At the time of writing, his 105 caps make him the seventh most capped player in France’s history, and just four away from overtaking Zinedine Zidane and entering the top five. In terms of goals, his 44 is second on the all-time list – meaning he is just eight away from breaking Thierry Henry’s record of 51.
Add to this four international tournaments, two finals and one World Cup winners medal, it’s clear that Giroud is one of the greats when it comes to French football.
Whilst he was readying to feature in that World Cup Final, it was all change at Chelsea, as Maurizio Sarri replaced Antonio Conte in the dugout the day before the showpiece match against Croatia.
The appointment of the Italian could have been the end for Giroud, especially once Sarri’s own favourite Gonzalo Higuaín joined the club.
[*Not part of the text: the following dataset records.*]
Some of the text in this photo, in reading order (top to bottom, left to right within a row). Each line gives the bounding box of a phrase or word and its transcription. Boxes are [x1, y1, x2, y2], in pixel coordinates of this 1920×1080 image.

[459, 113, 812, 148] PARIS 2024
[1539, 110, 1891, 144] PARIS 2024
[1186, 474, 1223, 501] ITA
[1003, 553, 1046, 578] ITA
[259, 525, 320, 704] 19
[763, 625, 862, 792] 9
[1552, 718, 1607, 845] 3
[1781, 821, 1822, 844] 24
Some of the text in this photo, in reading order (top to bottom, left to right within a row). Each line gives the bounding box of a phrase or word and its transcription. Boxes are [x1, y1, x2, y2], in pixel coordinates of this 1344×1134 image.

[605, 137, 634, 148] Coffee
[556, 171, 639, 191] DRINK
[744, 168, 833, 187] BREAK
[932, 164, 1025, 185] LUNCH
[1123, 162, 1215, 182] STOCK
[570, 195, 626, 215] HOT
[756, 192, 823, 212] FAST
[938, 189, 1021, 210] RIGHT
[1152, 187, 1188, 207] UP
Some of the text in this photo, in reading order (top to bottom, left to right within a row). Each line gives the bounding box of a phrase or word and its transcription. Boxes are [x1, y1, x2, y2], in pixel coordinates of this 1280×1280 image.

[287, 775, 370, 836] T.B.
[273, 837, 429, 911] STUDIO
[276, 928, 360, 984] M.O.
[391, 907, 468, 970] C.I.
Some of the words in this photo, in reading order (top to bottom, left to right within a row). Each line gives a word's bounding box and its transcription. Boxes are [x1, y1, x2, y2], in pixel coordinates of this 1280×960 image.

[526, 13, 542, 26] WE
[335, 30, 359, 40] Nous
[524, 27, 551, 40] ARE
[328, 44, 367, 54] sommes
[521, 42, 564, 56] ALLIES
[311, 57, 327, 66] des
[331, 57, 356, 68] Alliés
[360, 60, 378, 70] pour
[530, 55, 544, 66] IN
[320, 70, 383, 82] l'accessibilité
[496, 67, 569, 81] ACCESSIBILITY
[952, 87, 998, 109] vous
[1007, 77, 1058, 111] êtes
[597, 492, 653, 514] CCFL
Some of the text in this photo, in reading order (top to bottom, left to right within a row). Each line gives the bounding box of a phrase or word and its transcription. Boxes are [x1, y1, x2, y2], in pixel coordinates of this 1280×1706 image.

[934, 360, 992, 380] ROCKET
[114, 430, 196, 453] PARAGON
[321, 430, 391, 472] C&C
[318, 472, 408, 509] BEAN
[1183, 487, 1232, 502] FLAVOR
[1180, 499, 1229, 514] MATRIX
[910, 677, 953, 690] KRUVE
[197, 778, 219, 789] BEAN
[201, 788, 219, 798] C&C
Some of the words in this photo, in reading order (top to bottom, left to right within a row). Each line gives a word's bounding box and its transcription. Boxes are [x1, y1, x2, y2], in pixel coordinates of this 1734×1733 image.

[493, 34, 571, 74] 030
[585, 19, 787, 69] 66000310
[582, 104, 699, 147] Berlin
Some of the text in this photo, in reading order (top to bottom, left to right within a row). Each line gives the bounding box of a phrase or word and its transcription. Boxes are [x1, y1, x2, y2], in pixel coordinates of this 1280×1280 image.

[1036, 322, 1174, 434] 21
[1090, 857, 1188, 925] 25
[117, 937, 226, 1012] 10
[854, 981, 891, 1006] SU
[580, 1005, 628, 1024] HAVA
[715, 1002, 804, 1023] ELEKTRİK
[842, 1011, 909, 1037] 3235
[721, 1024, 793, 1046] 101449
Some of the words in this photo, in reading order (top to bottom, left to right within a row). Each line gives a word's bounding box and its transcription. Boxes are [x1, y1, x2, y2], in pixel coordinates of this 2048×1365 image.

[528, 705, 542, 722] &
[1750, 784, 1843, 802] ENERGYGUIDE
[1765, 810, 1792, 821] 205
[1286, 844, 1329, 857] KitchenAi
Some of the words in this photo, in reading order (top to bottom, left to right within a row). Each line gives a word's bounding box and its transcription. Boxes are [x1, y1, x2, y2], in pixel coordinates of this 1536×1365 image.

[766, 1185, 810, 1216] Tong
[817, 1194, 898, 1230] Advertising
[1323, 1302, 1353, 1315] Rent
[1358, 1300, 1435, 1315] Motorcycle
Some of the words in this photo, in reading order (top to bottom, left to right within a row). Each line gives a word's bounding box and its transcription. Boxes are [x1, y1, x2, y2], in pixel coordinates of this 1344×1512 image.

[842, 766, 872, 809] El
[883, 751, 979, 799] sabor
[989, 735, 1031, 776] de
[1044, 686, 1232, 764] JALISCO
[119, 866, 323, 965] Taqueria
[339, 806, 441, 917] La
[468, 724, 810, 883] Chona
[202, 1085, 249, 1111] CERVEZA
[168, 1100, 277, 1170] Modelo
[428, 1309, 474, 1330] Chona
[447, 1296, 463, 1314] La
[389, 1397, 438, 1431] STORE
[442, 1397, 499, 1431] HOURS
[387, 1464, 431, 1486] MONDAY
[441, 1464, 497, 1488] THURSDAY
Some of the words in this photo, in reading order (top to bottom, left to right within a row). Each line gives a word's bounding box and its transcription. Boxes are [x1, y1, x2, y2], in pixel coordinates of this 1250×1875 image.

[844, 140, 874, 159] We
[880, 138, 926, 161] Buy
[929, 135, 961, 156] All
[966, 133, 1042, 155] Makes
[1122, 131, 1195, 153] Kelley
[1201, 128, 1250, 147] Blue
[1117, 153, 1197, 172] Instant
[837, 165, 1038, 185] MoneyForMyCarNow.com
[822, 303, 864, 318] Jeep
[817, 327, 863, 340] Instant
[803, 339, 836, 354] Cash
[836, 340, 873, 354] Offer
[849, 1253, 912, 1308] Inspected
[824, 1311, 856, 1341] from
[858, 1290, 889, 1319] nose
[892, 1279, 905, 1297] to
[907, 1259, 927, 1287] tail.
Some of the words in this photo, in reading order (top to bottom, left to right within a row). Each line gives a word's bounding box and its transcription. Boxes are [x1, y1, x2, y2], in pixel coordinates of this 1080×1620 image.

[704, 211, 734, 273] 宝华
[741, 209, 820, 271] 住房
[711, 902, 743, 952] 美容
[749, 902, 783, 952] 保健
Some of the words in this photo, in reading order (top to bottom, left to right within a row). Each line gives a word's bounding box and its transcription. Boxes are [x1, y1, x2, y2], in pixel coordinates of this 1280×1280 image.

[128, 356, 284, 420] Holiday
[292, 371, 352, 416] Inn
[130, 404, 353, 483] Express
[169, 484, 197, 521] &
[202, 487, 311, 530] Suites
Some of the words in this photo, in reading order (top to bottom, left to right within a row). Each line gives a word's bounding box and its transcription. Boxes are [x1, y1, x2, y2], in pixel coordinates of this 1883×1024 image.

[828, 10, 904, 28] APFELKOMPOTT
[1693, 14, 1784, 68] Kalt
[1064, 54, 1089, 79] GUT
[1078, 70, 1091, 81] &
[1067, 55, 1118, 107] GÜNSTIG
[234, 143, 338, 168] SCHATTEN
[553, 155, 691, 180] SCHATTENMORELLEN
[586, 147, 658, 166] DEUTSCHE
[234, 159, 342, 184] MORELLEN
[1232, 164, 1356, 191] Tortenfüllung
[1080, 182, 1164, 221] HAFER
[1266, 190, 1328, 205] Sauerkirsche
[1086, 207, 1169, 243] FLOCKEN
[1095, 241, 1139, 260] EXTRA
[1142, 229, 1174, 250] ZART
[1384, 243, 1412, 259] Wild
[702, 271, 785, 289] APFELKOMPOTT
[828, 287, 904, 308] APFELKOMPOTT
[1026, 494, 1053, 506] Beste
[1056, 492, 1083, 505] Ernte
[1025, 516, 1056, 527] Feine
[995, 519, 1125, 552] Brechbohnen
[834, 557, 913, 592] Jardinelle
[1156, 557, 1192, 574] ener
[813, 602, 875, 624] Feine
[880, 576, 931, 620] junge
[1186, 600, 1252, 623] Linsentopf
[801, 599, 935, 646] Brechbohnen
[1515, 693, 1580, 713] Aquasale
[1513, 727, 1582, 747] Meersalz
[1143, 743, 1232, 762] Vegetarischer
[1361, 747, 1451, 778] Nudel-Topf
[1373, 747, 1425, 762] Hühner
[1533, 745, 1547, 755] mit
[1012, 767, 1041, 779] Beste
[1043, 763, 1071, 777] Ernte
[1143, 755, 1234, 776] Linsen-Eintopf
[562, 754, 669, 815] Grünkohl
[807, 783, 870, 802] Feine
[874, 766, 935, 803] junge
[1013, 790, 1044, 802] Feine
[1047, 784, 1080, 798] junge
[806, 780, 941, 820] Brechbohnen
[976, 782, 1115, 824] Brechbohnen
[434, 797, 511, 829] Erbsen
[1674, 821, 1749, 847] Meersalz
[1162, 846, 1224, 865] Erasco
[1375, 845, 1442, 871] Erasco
But instead he enjoyed his most fruitful season in Chelsea blue as the go-to man in Europe.
He started 12 of their 15 Europa League games, including each of the final nine fixtures, as the Blues reached the final in Baku – with Giroud rolling back the years in each passing round.
Prior to the final, he had netted ten and assisted three, including a hat-trick away to Dynamo Kiev, and a worldie free-kick against Fehérvár in the group stage. Then came Arsenal.
He put his old side to the sword. Opening the scoring with a trademark diving header, before winning the penalty for the third and setting up the fourth to clinch his first European honour, as Chelsea ran out 4-1 winners in Azerbaijan.
Unfortunately for Giroud, whilst his muted celebrations on the pitch showed respect for his old side, he somewhat let himself down after the game. Despite saying that Arsenal changed his life in his post-match interview, he was filmed sarcastically saying ‘thank you, Arsenal’ when lifting the trophy on the coach afterwards.
Whilst many fans didn’t mind this, it’s certainly affected his reputation in some parts of the Arsenal fan base.
The next season brought another new manager, with Frank Lampard also opting to generally use Giroud in reserve throughout the year. Despite this, he still managed ten goals in just 25 games, including one in Chelsea’s 3-1 FA Cup semi-final win over Manchester United – another near-post flick with that trusty left boot.
This is exactly what Giroud has become in his latter years; reliable. Whenever called upon, he helps the team, scores important goals and, typically, wins trophies. So far in 20/21, he’s scored two goals in just 178 minutes, with his latest being the one to defeat Stade Rennais in the Champions League – confirming Chelsea’s progression to the last 16 with an injury time header.
Since he arrived on English shores back in 2012, Giroud has scored 135 goals, laid on 55 assists, played in thirteen semis/finals at club level, scoring or assisting eight times in those games. He’s scored every type of goal, played every type of role and won almost everything available to him.
Am I saying Olivier Giroud has been the greatest striker to ever grace the Premier League? No, of course not. Has he missed big chances, and is he perhaps below the level of the true elite? Yes, most likely.
But his 86 Premier League goals to date puts him 42nd on the all-time list of Premier League goal scorers, and only behind Nikolas Anelka and Thierry Henry in terms of French players.
Whether it’s scorpion kicks or free-kicks, off the bench or leading the line, scoring in semis or assisting in finals, Giroud has done it all – and he should be recognised for that.